All entries below are to be written out again exactly, but no picture is to be copied.

+++ Records for this task +++

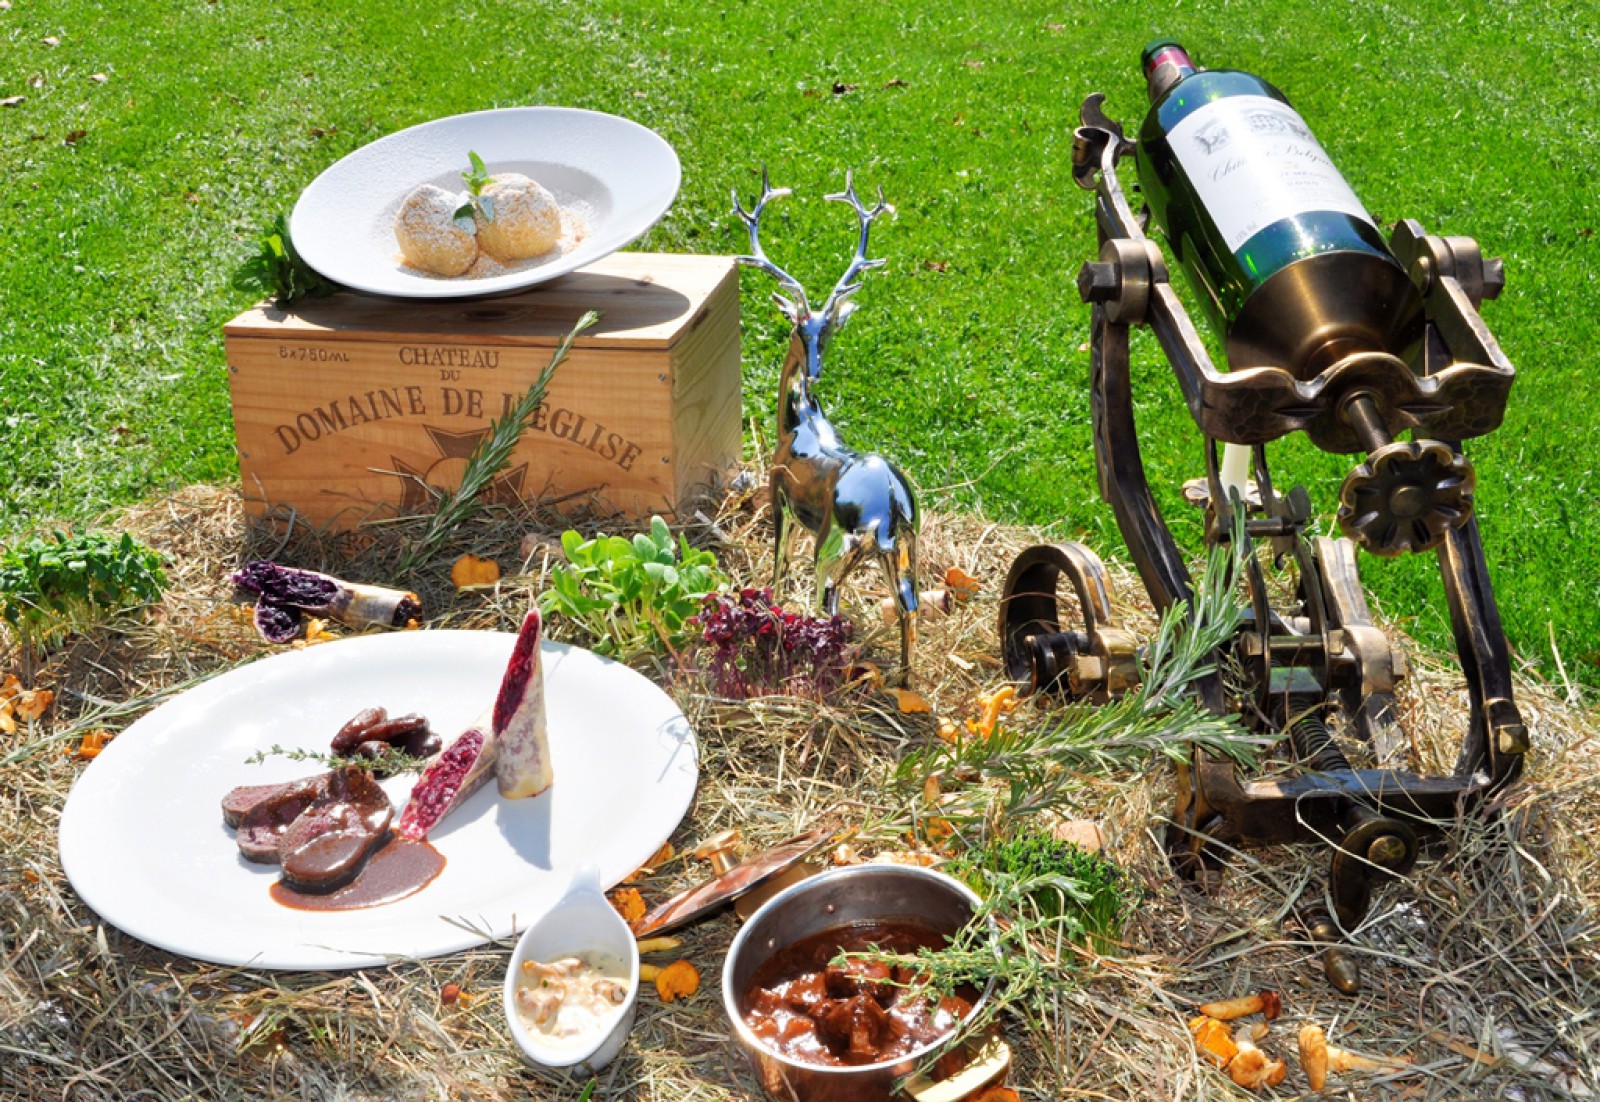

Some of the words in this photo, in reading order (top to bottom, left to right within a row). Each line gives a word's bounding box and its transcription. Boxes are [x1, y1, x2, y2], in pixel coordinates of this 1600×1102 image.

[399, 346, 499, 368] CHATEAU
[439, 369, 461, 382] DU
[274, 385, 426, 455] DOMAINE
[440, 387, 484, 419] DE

+++

◆ Solution to this exercise ◆
Some of the words in this photo, in reading order (top to bottom, left to right within a row). Each line gives a word's bounding box and its transcription. Boxes are [x1, y1, x2, y2], in pixel coordinates of this 1600×1102 image.

[399, 346, 499, 368] CHATEAU
[439, 369, 461, 382] DU
[274, 385, 426, 455] DOMAINE
[440, 387, 484, 419] DE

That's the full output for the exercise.